Musgrove

Musgrove
This distinguished surname is of Anglo-Saxon origin, and a locational name deriving from a pair of villages near Kirkby Stephen in Westmorland, called Great and Little Musgrave. The early settlement is recorded as "Musegrave" in circa 1215, and as "Magna" and "Parva Musegrave" (Great and Little) in the "Records of Pleas" of 1292. The placename is derived from the Olde English pre 7th Century elements "mus", mouse, or the Old Norse byname "Musi", with "graf", grove, thus "grove frequented by mice", or "Musi's grove". A number of English placenames contain "mus" as a first element, including Musbury (Lancashire), "mouse-burrow", and Muscoates (Yorkshire), "mouse-infested huts". Early examples of the surname include Roger de Mussegrave (1277, London); Thomas de Musgraue (1362, Yorkshire), and John Mosgrove, listed in the University of Oxford's Register for 1581. Recordings of the name from Church Registers include the marriages of Edward Musgrove and Margerie Dickenson at Aston Juxta Birmingham, on October 20th 1591, and of Dannell Musgrove and Jonne Griffin at St. Katherine by the Tower, London, on October 24th 1613. A Coat of Arms granted to a Musgrove family of Kent depicts on a white shield, two bendlets engrailed azure between three lozenges, one and two, of the last, each charged with a gold fleur-de-lis; the Crest is a demi lion proper gorged with a double collar gemelle sable and holding between the paws a lozenge azure charged with a gold cross crosslet.

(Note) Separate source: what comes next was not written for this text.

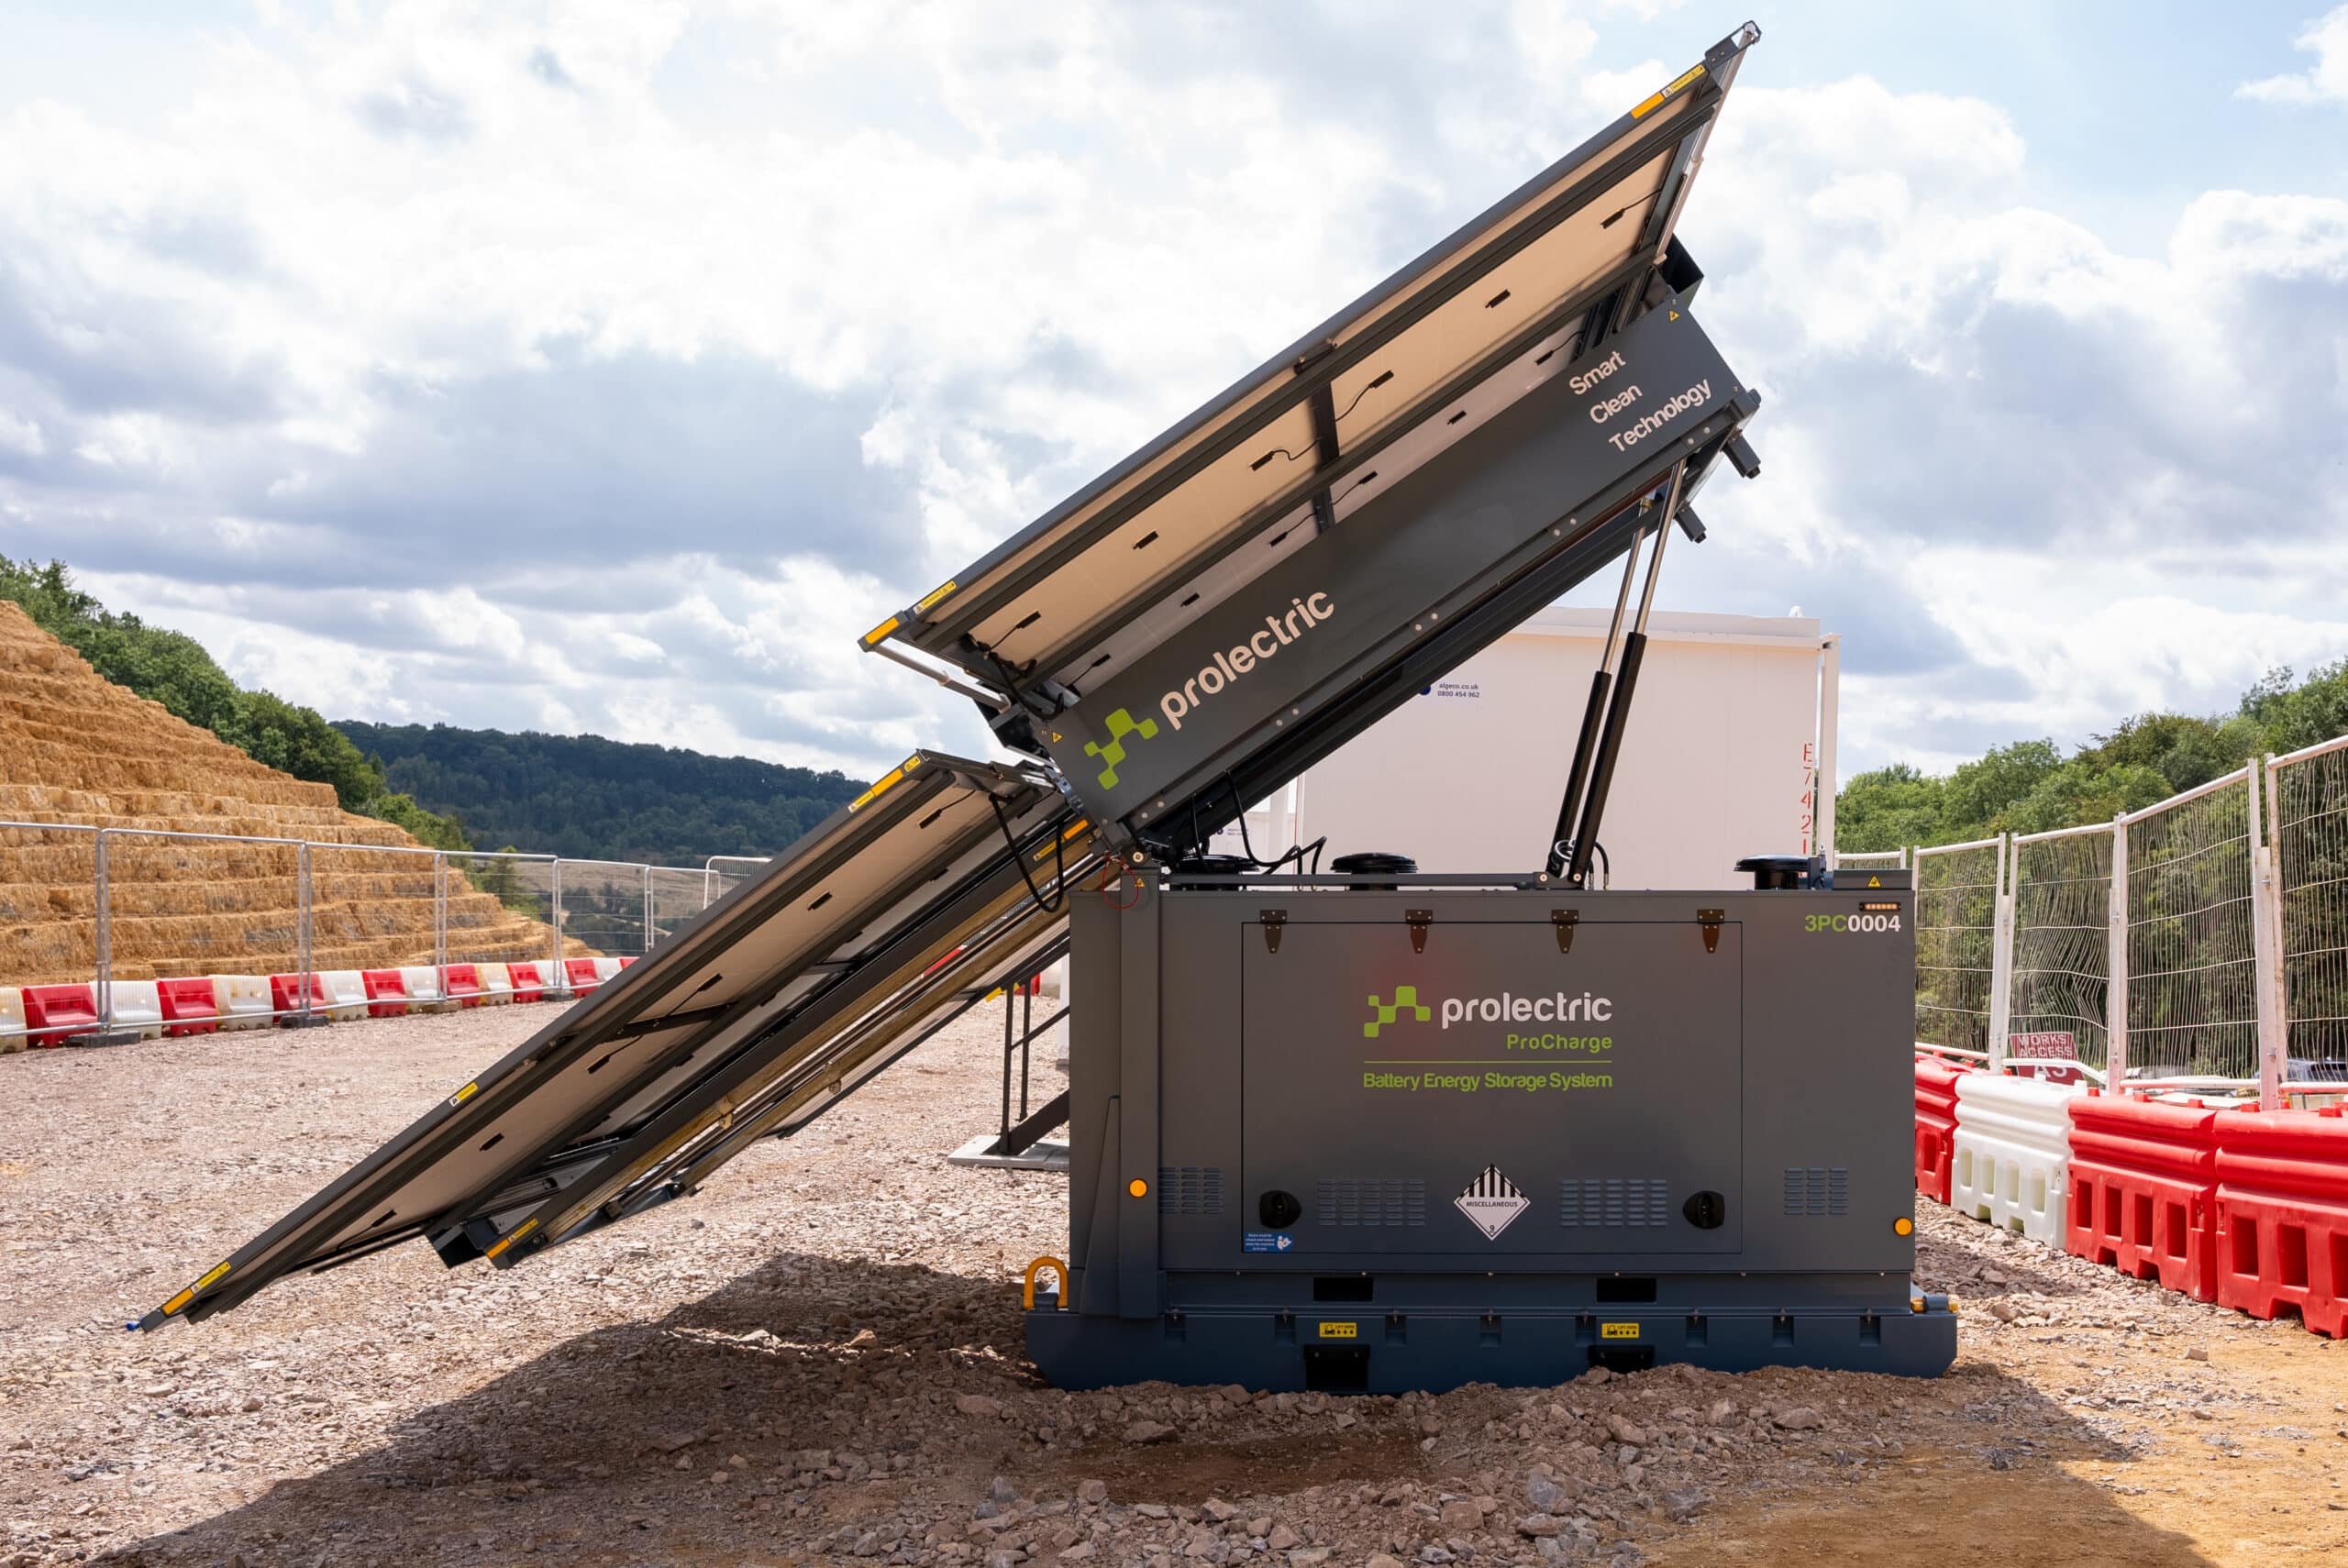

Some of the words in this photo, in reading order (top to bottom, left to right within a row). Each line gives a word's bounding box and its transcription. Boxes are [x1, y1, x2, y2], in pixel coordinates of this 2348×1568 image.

The Motto "Nil Desperandum", translates as "Never despair". The first recorded spelling of the family name is shown to be that of Alan de Musegrave, which was dated 1228, in the "Curia Rolls of Northumberland", during the reign of King Henry 111, known as "The Frenchman", 1216 - 1272. Surnames became necessary when governments introduced personal taxation. In England this was known as Poll Tax. Throughout the centuries, surnames in every country have continued to "develop" often leading to astonishing variants of the original spelling.

Surnames reference. 2013.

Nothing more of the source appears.